Maria Ivanovna Vishnyakova, another nurse for the royal children, initially thought well of Rasputin, but she became disillusioned with him. In the spring of 1910, she claimed that Rasputin raped her, but the Tsarina refused to believe her because she saw Rasputin as holy.[28] The Tsarina insisted to Grand Duchess Olga Alexandrovna that she had investigated Vishnyakova's claim but that "they caught the young woman in bed with a Cossack of the Imperial Guard." In 1913, the Tsarina dismissed Vishnyakova.[29]

Grand Duchess Tatiana with her mother in about 1914. Her hair was cropped short following a bout of typhoid in 1913.
Grand Duchess Tatiana Nikelaevna with her older sister, Grand Duchess Olga Nikolaevna

There were malicious rumors that Rasputin had seduced the Tsarina and the four grand duchesses.[30] Rasputin had released the letters that the Tsarina and the grand duchesses had sent to him; although they were innocent in nature,[31] they fueled the rumors about his alleged affairs. Pornographic cartoons depicted Rasputin having sexual relations with the empress and her four daughters as Anna Vyrubova stood nude in the background.[32] Much to the Tsarina's displeasure, Nicholas ordered Rasputin to leave St. Petersburg, and Rasputin went on a pilgrimage to the Holy Land.[33] The imperial family's association with Rasputin continued until his murder in 1916. On 6 December 1916, the Tsarina wrote to Nicholas that "Our Friend is so contented with our girlies, says they have gone through heavy 'courses' for their age and their souls have much developed."[34]

Allegedly, Tatiana was present at the site of Rasputin's murder, "disguised as a lieutenant of the Chevaliers-Gardes, so that she could revenge herself on Rasputin who had tried to violate her". Maurice Paléologue, the French ambassador to Russia, wrote that Tatiana had witnessed Rasputin's castration, but he doubted the credibility of the rumor.[35]

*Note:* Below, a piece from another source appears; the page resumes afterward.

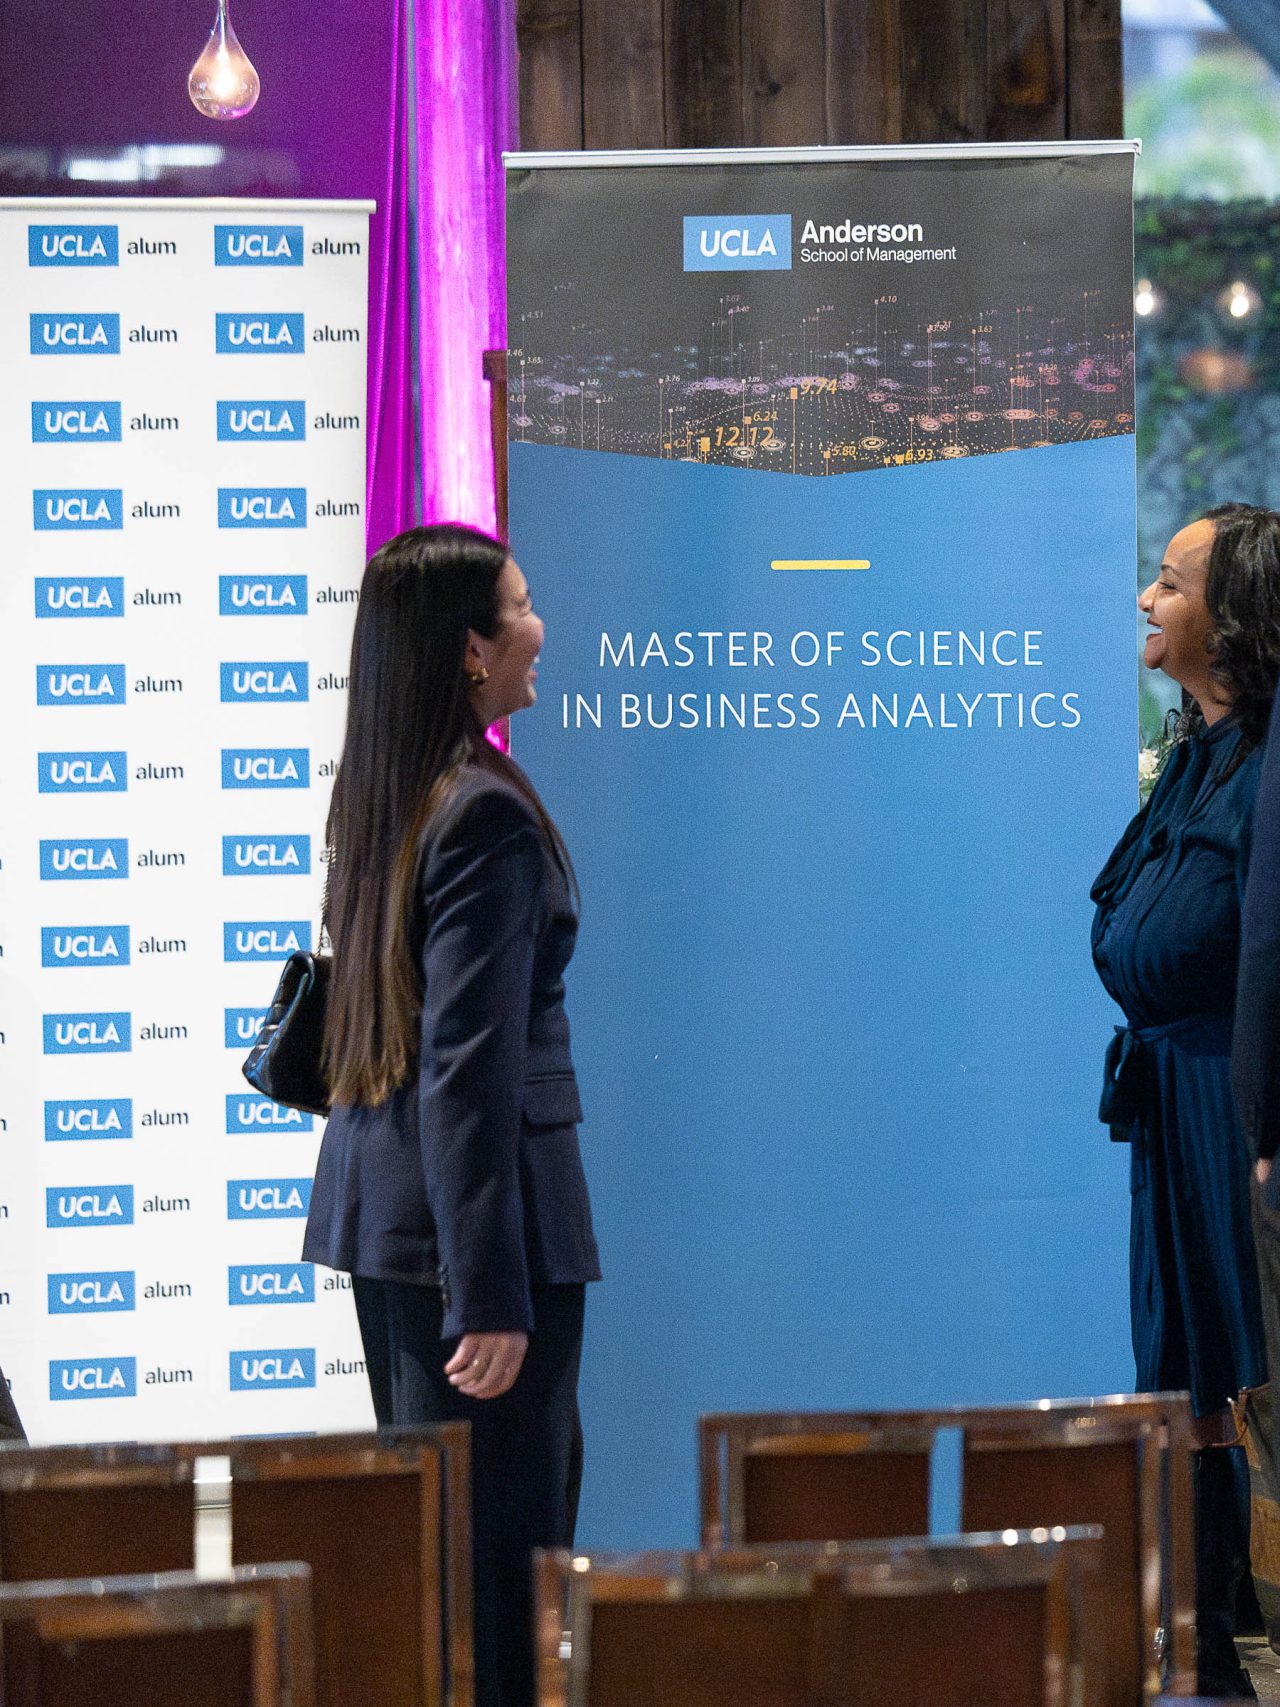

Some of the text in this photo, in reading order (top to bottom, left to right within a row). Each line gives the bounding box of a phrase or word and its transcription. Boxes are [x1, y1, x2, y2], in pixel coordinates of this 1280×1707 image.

In his memoirs, A.A. Mordvinov reported that all four grand duchesses were "cold and visibly terribly upset" by Rasputin's death. According to him, they sat "huddled up closely together" on a sofa when they received the news. He wrote that they seemed to sense the political upheaval that was about to be unleashed.[36] On 21 December 1916, Tatiana attended Rasputin's funeral. Rasputin was buried with an icon signed on its reverse side by Tatiana, her mother and sisters.[37]

Tatiana kept a notebook in which she recorded Rasputin's sayings: "Love is Light and it has no end. Love is great suffering. It cannot eat, it cannot sleep. It is mixed with sin in equal parts. And yet it is better to love. In love one can be mistaken, and through suffering he expiates for his mistakes. If love is strong—the lovers happy. Nature herself and the Lord give them happiness. One must ask the Lord that he teach to love the luminous, bright, so that love be not torment, but joy. Love pure, Love luminous is the Sun. The Sun makes us warm, and Love caresses. All is in Love, and even a bullet cannot strike Love down."[38]

Young adulthood and World War IEdit

Grand Duchess Tatiana Nikolaevna in the uniform of her regiment, the Vosnesensky (Ascension) Lancers [ru] in 1912

As a young teenager, Tatiana was given the rank of honorary colonel and assigned a regiment of soldiers, the Vosnesensky (Ascension) Lancers.[39] She and Olga inspected the soldiers regularly.[40] When she was 13, an ill Tatiana begged her mother to permit her to leave her bed so that she could watch a soldier, with whom she was infatuated. On 20 April 1911, she wrote to the Tsarina, "I would like so much to go the review of the second division as I am also the second daughter and Olga was at the first so now it is my turn...Yes, Mama, and at the second division I will see whom I must see ... you know whom ..."[41]

Tatiana enjoyed the company of soldiers, but she was often shocked by their behavior. On 11 July 1911, a group of officers aboard the imperial yacht gave Olga a portrait of Michelangelo's nude David, cut out from a newspaper. Indignant, the 14-year-old Tatiana wrote to her aunt Grand Duchess Olga Alexandrovna of Russia, "Olga laughed at it long and hard. And not one of the officers wishes to confess that he has done it. Such swine, aren't they?"[42]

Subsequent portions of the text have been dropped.